The House 156-0, approved and sent to the Senate a $1.6 billion supplemental budget that contains $700 million for COVID-19 related expenses including $432 million for COVID testing, $72 million for treatments, $45 million for expanded vaccination access and $25 million for personal protective equipment.

Other provisions include $140 million for grants to special education schools to address the impacts of COVID-19 and subsequent variants; $100 million for cities and towns for roads; $100 million for rental assistance for needy families; and extending eviction protections for tenants who have active assistance applications.
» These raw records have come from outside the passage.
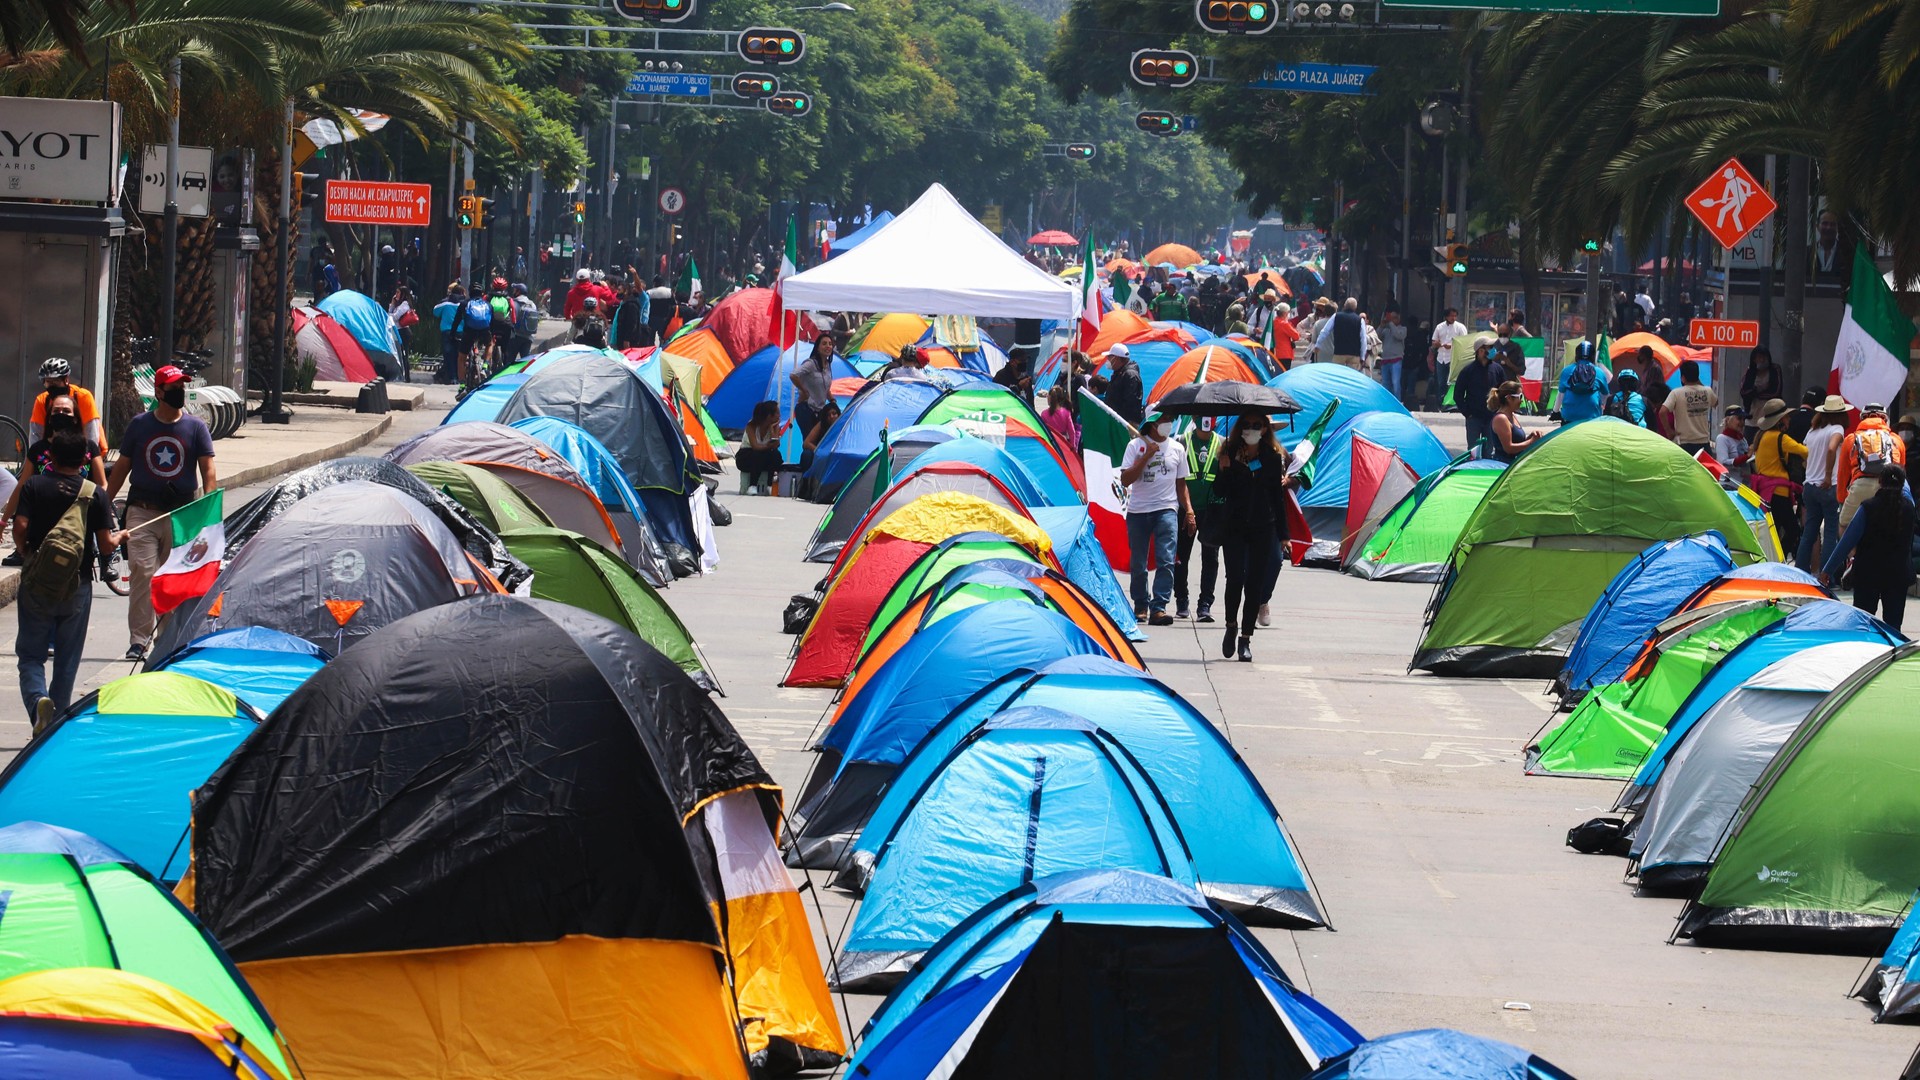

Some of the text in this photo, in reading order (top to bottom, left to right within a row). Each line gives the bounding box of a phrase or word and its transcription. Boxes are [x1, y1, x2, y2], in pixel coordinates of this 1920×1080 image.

[683, 74, 708, 85] PÚBLICO
[1300, 70, 1329, 84] PLAZA
[1331, 69, 1365, 86] JUÁREZ
[648, 83, 671, 93] JUÁREZ
[0, 130, 100, 161] YOT
[0, 163, 36, 171] ARIS
[329, 186, 414, 203] DESVIO HACIA AV. CHAPULTEPEC
[329, 203, 342, 217] POR
[342, 203, 389, 219] REVILLAGIGEDO
[389, 206, 395, 219] A
[396, 206, 406, 219] 100
[1731, 246, 1756, 260] MB
[1695, 325, 1753, 342] A 100 m
[1770, 869, 1799, 878] Outdoor
[1770, 876, 1790, 884] Trend
The package also extends from April 1, 2022 to April 1, 2023 outdoor dining at restaurants and from May 1, 2022 to April 1, 2023 the law allowing restaurants to sell beer, wine and cocktails with takeout orders.

Supporters said the package is a fiscally responsible one that will fund important programs, benefit many residents and help Massachusetts prepare for the futur
An amendment proposed by Rep. Peter Durant (R-Spencer) that would have suspended the state’s 24-cents-per-gallon gas tax until gas prices fall below $3.70 per gallon was defeated on a voice vote without a roll call vote. Under House rules anyone can make the motion to require a roll call vote and a roll call must be held if at least 16 members support requiring a roll call. Durant himself did not ask for a roll call. “It was simply part of the negotiation process for future efforts that may still come up,” responded Durant when asked by Beacon Hill Roll Call why he didn’t request a roll call. Durant did not respond to several follow up e-mails by Beacon Hill Roll Call asking him to elaborate and explain what he meant by his statement and to reveal what the “negotiation process” involved.
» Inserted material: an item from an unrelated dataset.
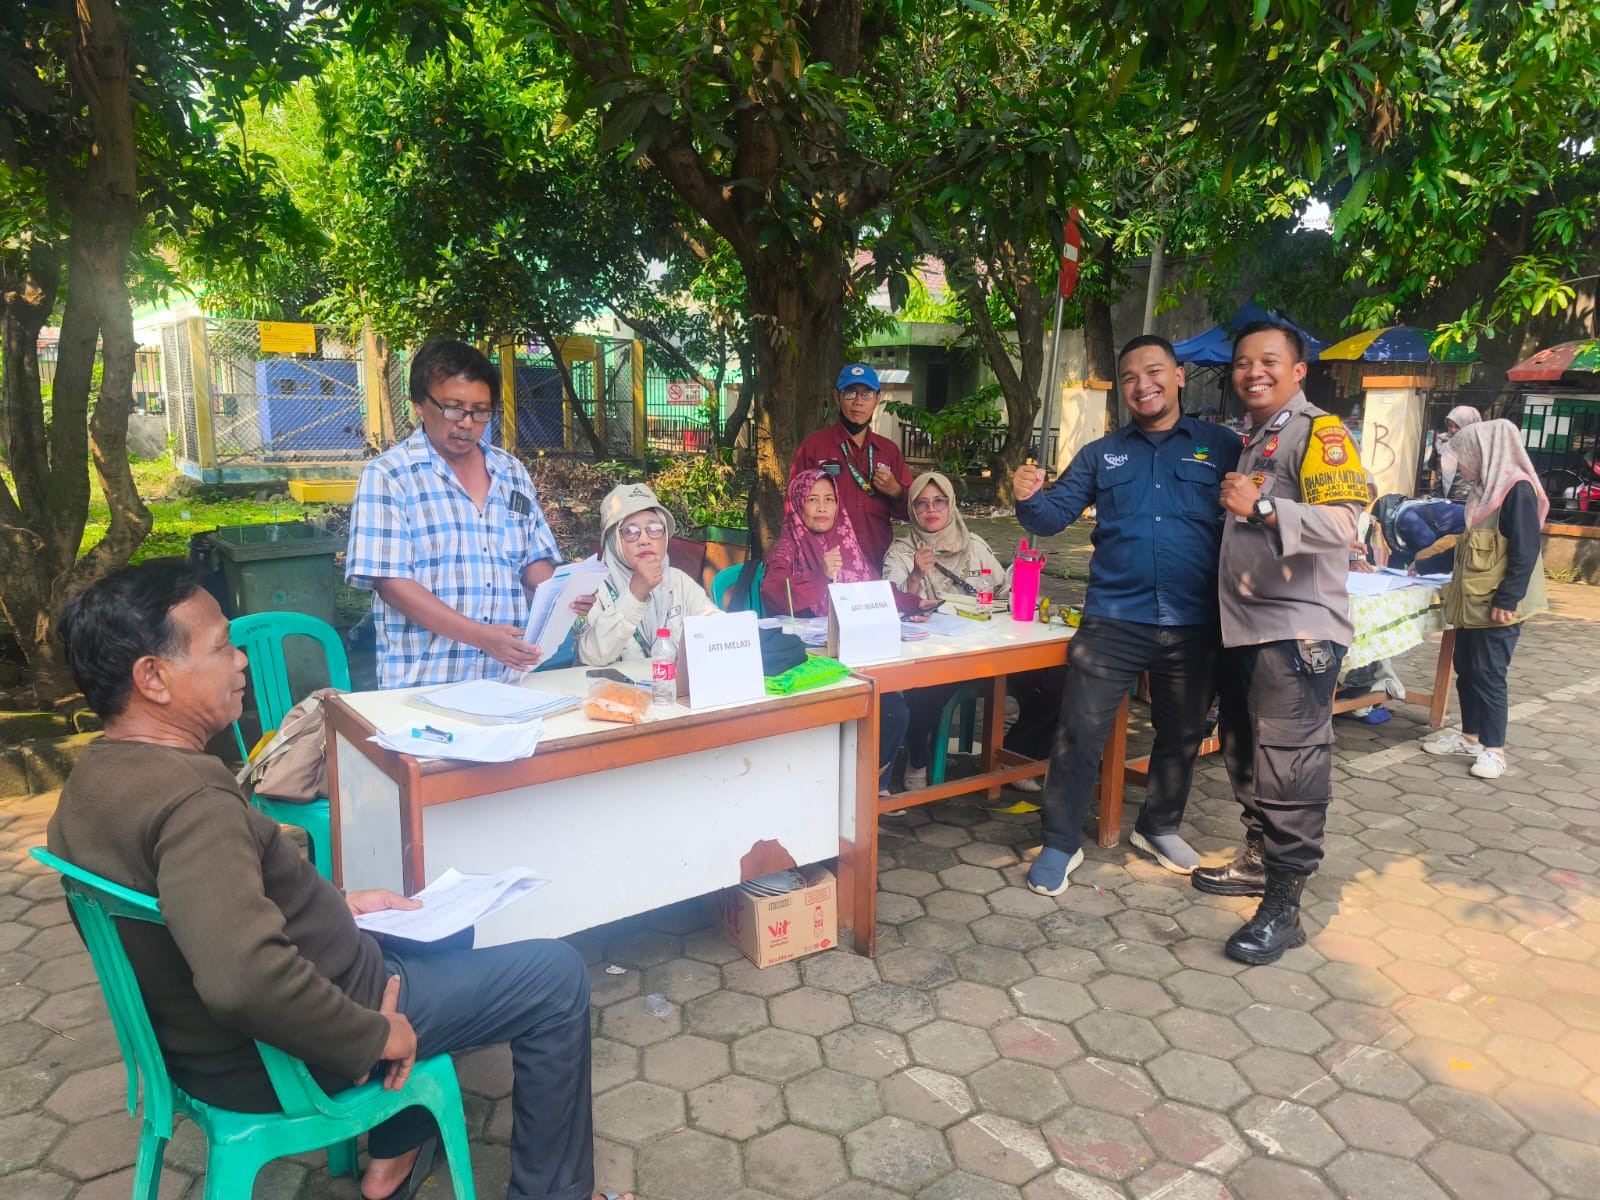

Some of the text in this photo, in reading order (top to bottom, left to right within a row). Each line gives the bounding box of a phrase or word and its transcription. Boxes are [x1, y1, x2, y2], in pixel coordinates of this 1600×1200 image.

[1371, 421, 1396, 475] B
[709, 640, 751, 652] JATI MELATI
[768, 920, 790, 937] Vit
“Constituents and suffering motorists will never know how their House lawmaker voted because no House member was willing to go on record to show who supports or opposes this temporary relief for the taxpayers,” said Paul Craney, a spokesman for the Mass Fiscal Alliance. “Despite record gasoline prices, the Massachusetts House of Representatives once again proved how selfish they are with our money,” continued Craney. “They had an opportunity to provide temporary gas tax relief and they voted it down and didn’t even have the courage to go on record with their vote. Once again, politicians are protected and the taxpayers lose at the Statehouse. It’s deeply disappointing that House lawmakers play games to protect themselves from hard votes while motorists are still left paying the highest recorded prices for a gallon of gasoline,” concluded Craney.
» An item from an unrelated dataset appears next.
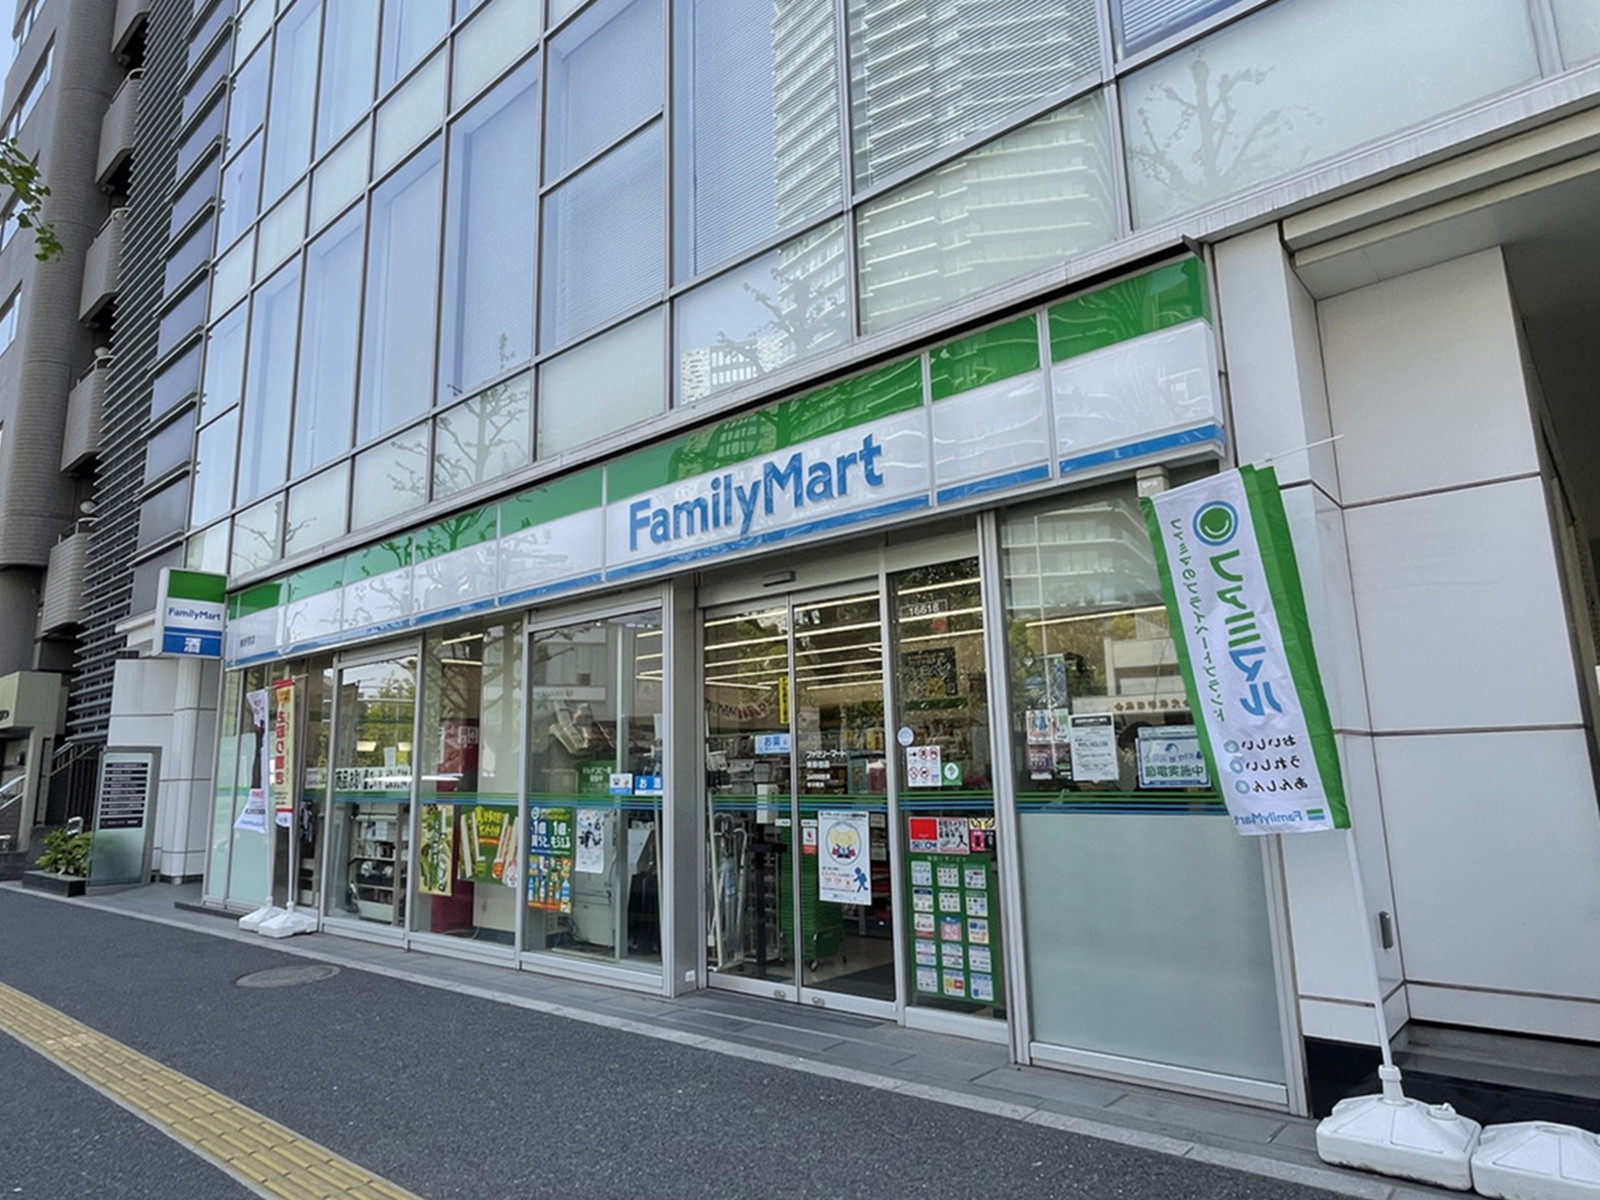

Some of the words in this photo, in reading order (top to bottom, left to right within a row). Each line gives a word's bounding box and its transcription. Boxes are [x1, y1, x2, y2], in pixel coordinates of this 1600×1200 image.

“With the skyrocketing price of gas, suspension of the gas tax is a small, simple step that the commonwealth can take to provide some relief to the residents of Massachusetts,” said Durant. “Tying this relief to the ongoing price of fuel is the most equitable way to make sure taxpayers continue to see this relief until the nation gets this situation under control.”

Opponents of the suspension said Massachusetts would jeopardize its bond ratings by suspending the tax and the state would face higher rates for borrowing. They said they could perhaps support other ways to provide relief at the pump but not this amendment which would do more harm than good.

According to Gov. Baker’s proposed fiscal year 2023 budget, the gas tax is projected to generate $743.7 million in fiscal 2023.